(Dataset entries)
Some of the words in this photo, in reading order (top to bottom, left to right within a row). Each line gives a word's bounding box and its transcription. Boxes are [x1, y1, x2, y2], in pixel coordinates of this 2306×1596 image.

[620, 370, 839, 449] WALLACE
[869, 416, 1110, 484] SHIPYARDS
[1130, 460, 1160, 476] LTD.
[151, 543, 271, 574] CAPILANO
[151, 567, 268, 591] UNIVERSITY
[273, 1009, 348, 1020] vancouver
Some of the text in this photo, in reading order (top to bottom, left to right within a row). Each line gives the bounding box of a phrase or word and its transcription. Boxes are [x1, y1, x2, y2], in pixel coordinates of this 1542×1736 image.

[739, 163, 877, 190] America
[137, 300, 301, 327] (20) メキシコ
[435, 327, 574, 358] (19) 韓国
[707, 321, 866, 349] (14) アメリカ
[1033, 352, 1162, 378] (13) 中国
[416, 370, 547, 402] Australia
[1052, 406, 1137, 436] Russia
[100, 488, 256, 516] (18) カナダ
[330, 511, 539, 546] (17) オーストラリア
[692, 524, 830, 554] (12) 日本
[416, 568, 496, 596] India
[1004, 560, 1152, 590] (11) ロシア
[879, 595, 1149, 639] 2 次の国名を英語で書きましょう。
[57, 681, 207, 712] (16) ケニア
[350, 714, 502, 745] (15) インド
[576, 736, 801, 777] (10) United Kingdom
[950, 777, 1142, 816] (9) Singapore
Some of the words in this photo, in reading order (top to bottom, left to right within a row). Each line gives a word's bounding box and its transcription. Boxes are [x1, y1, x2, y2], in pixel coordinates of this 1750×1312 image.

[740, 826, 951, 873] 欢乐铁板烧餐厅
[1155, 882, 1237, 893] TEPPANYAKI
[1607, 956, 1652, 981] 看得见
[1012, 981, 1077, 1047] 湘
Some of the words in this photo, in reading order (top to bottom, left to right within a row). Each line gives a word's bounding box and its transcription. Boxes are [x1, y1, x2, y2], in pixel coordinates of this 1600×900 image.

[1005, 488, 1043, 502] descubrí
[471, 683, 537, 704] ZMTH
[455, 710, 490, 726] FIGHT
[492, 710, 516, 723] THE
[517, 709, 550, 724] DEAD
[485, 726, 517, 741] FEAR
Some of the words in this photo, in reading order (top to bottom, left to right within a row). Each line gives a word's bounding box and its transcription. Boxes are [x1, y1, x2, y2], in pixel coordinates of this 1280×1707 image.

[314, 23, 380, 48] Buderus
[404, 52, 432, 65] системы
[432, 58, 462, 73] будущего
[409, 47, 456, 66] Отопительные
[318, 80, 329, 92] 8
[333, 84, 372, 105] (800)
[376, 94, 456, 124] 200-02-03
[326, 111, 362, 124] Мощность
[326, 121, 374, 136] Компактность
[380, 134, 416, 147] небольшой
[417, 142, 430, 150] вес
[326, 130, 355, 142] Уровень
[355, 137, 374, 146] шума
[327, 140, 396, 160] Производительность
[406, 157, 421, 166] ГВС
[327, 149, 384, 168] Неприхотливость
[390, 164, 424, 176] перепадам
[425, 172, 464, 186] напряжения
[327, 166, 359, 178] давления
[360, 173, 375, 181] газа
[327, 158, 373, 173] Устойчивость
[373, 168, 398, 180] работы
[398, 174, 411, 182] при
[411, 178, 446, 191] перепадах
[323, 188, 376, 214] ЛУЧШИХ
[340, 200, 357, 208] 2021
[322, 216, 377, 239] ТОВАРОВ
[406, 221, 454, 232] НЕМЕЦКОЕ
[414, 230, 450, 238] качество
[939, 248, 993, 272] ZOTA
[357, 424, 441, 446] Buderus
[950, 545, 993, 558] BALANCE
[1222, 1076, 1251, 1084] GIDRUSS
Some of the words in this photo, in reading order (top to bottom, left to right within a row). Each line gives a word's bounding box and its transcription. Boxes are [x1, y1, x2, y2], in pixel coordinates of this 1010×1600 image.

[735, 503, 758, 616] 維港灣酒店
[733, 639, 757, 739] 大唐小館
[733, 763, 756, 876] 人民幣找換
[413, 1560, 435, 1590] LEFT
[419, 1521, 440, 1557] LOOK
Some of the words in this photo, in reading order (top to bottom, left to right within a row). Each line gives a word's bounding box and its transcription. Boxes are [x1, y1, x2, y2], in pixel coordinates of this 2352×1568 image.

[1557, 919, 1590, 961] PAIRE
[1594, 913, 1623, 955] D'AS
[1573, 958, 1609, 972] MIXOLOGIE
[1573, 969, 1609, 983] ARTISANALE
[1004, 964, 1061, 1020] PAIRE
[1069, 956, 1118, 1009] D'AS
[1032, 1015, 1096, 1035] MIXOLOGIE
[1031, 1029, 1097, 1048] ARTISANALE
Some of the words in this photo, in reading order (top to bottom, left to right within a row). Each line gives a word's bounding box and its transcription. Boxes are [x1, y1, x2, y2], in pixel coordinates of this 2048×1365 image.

▶ _TASK STATEMENT_: Give back exactly the lines from the one containing "this 2352×1568 image." through the last line of the records.

▶ _SOLUTION BELOW_:
Some of the words in this photo, in reading order (top to bottom, left to right within a row). Each line gives a word's bounding box and its transcription. Boxes are [x1, y1, x2, y2], in pixel coordinates of this 2352×1568 image.

[1557, 919, 1590, 961] PAIRE
[1594, 913, 1623, 955] D'AS
[1573, 958, 1609, 972] MIXOLOGIE
[1573, 969, 1609, 983] ARTISANALE
[1004, 964, 1061, 1020] PAIRE
[1069, 956, 1118, 1009] D'AS
[1032, 1015, 1096, 1035] MIXOLOGIE
[1031, 1029, 1097, 1048] ARTISANALE
Some of the words in this photo, in reading order (top to bottom, left to right within a row). Each line gives a word's bounding box and its transcription. Boxes are [x1, y1, x2, y2], in pixel coordinates of this 2048×1365 image.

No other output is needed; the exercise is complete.